Une méthode basée sur la nutrition des plantes

Toutes les plantations du domaine de 30 ha sont effectuées après une sélection massale rigoureuse (aucun clone). Les vignes sont travaillées selon les principes respectueux du terroir et selon des techniques de culture naturelles : pas de produits de synthèse, pas d’engrais chimiques, ni de désherbants, pas de levures sèches, ni de chaptalisation. Depuis plus de 20 ans, est appliquée la méthode « Cousinié » basée sur la nutrition des plantes : apports d’oligo-éléments, soit foliaires, soit dans le sol par engrais organiques. 

Toutes les vignes sont conduites en taille Gobelet non palissées, très adaptées aux conditions climatiques actuelles de réchauffement. Elles sont traitées par de faibles doses de soufre et de cuivre limitées grâce à des tisanes de prêle, de reine des prés, de consoude. Le domaine est certifié bio depuis 2010. Soulignons également l’importance du vent d’autan qui balaye et assainit la vigne.

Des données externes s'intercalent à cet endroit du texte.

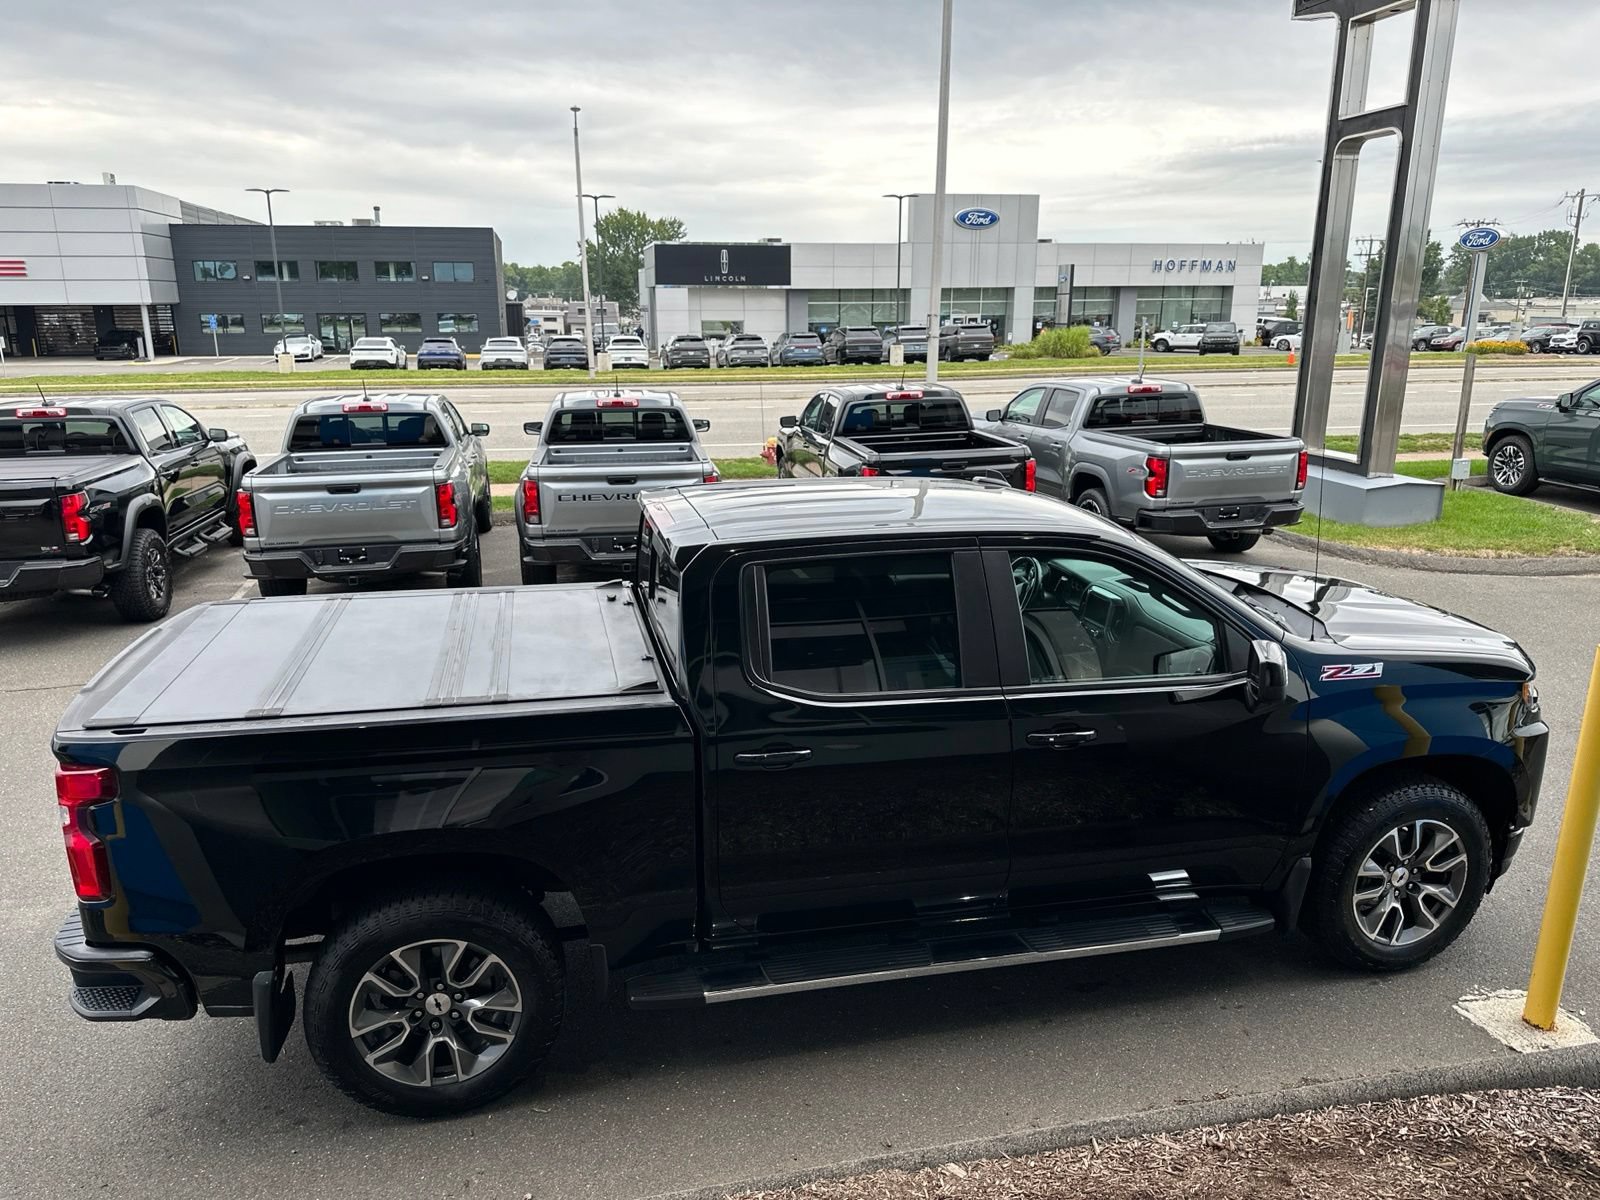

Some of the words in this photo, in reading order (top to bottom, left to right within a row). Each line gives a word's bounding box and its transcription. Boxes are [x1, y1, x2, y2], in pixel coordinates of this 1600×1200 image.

[964, 211, 992, 225] Ford
[1466, 231, 1493, 246] Ford
[1153, 258, 1237, 272] HOFFMAN
[1185, 465, 1288, 479] CHEVROLET
[274, 500, 416, 515] CHEVROLET
[1319, 662, 1384, 682] Z71

Les vendanges sont manuelles en petites cagettes. La vinification des raisins rouges, notamment du prunelart, totalement égrappés, est précédée d’un pressurage, puis d’une macération précarbonique à froid. La fermentation en cuve béton, grâce à des levures indigènes, est courte de 10 à 15 jours en fonction de la vitesse de fermentation et du millésime avec 1 à 2 pigeages journaliers limitant les extractions. L’élevage en cuve ciment dure un an suivi d’un an encore en bouteille, dont la mise se fait le plus souvent sans filtration avec un sulfitage minimal. Il faut souligner que le prunelart, comme beaucoup de cuvées rouges des Plageoles, ne connaît pas le bois.

Un vieux cépage retrouvé

Le prunelart, très vieux cépage parent du malbec, avait quasi-disparu avant que Robert Plageoles n’en retrouve quelques pieds en 1993 chez un ami vigneron qui allait les arracher. Grâce à ses connaissances ampélographiques et une étude menée avec l’INRA, il a décidé de le replanter, pour le vinifier, choix particulièrement judicieux, puisque ce cépage donne, à son meilleur, des vins intenses en couleur remplis de saveurs bien mûres, « un vin au charme fou » selon les œnologues.

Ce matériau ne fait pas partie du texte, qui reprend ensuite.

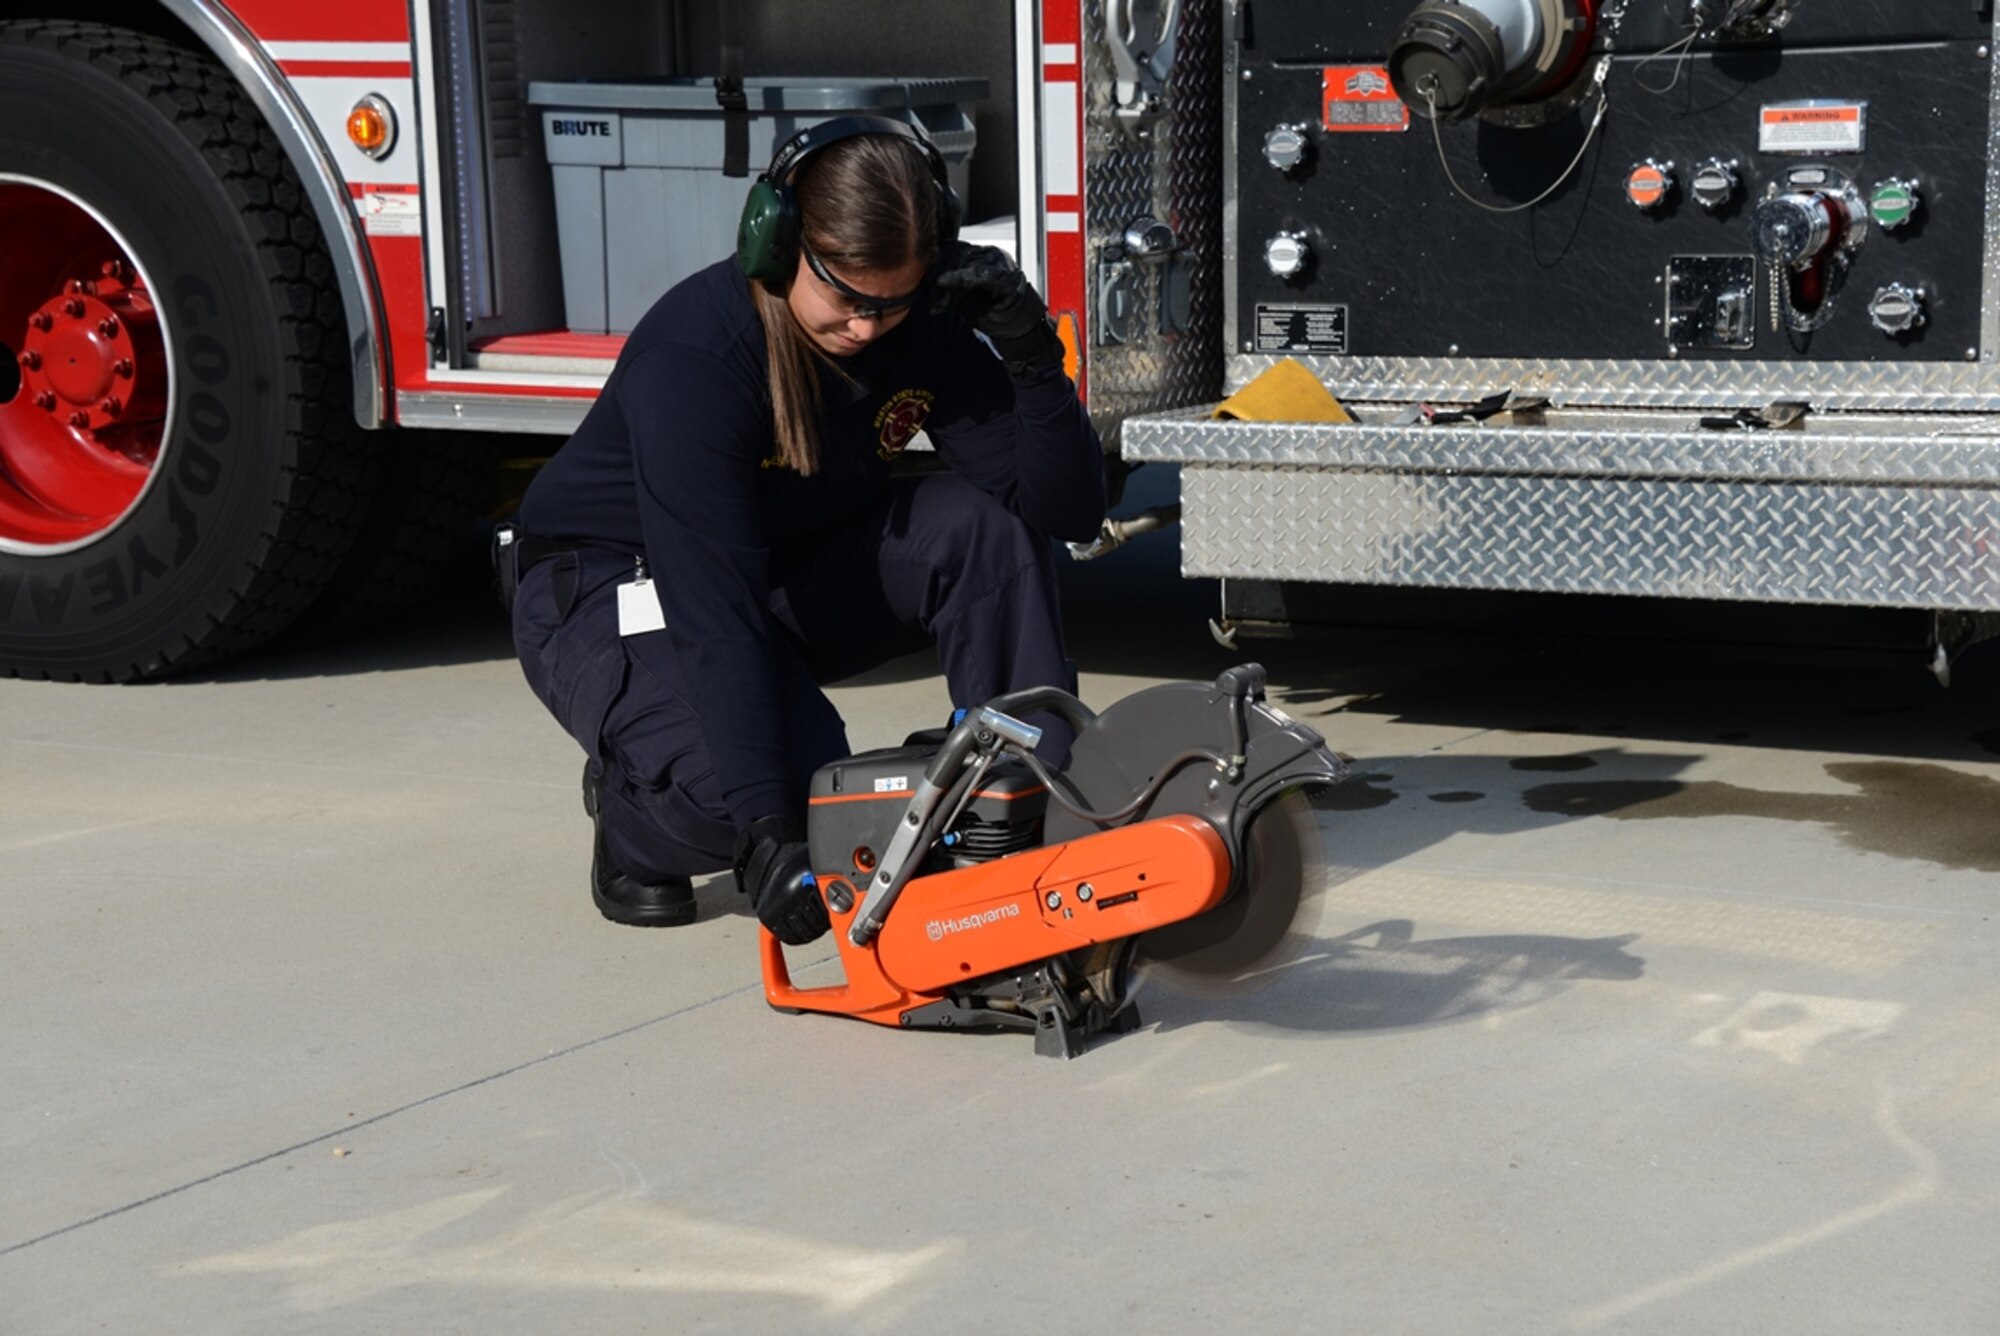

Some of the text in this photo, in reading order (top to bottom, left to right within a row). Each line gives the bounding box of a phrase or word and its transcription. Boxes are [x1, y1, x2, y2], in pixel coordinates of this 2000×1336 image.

[1792, 111, 1840, 121] WARNING
[552, 119, 611, 136] BRUTE
[941, 903, 1020, 935] Husqvarna

Ce prunelart 2017 du domaine Plageoles, illuminé d’une robe rubis scintillante aux nuances violines, tout en délicatesse et en précision, dévoile au nez des senteurs de fruits rouges (confiture de cerise) et noirs (mûre écrasée), de prune fraîche que viennent compléter des touches de réglisse, de graines de sarrasin, d’épices : poivre blanc. Riche, vive, salivante, la bouche ressent un beau jus frais et suave avec beaucoup de matière, mais des tanins souples plus intenses que denses avec des flaveurs d’eucalyptus et de menthol (parenté avec le malbec ?). La finale minérale et saline exacerbe cette sensation de tension et de pureté.

La richesse gustative de ce prunelart permet de nombreux mariages avec, en premier lieu, les produits carnés, telle une belle viande rouge maturée de bœuf juste saisie ou mijotée en sauce. 

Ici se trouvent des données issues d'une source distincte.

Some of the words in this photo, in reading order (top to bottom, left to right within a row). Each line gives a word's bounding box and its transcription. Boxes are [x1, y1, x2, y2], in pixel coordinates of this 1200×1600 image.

Des accords régionaux privilégiés

Mais très logiquement les accords régionaux seront privilégiés, la cuisine du sud-ouest utilisant le piment d’Espelette appréciera le caractère épicé du vin : la côte de  cochon noir de Bigorre dorée au ras-el-hanout, l’agneau de lait des Pyrénées et pignons de pin, le mignon de porc et sa compotée de fruits d’automne, le pigeon farci aux olives, et à l’évidence les magrets de canard et tous les confits, qu’ils soient d’oie, de canard, de volaille ou de porc. 

Gardons un verre, pour déguster les fromages du sud-ouest qui, étonnamment, ne se déplaisent pas en la compagnie de ce vin rouge voisin : Cabécou, Rocamadour, Ossau-iraty, abbaye de Belloc, tomme des Gavachs ou des monts de Lacaune.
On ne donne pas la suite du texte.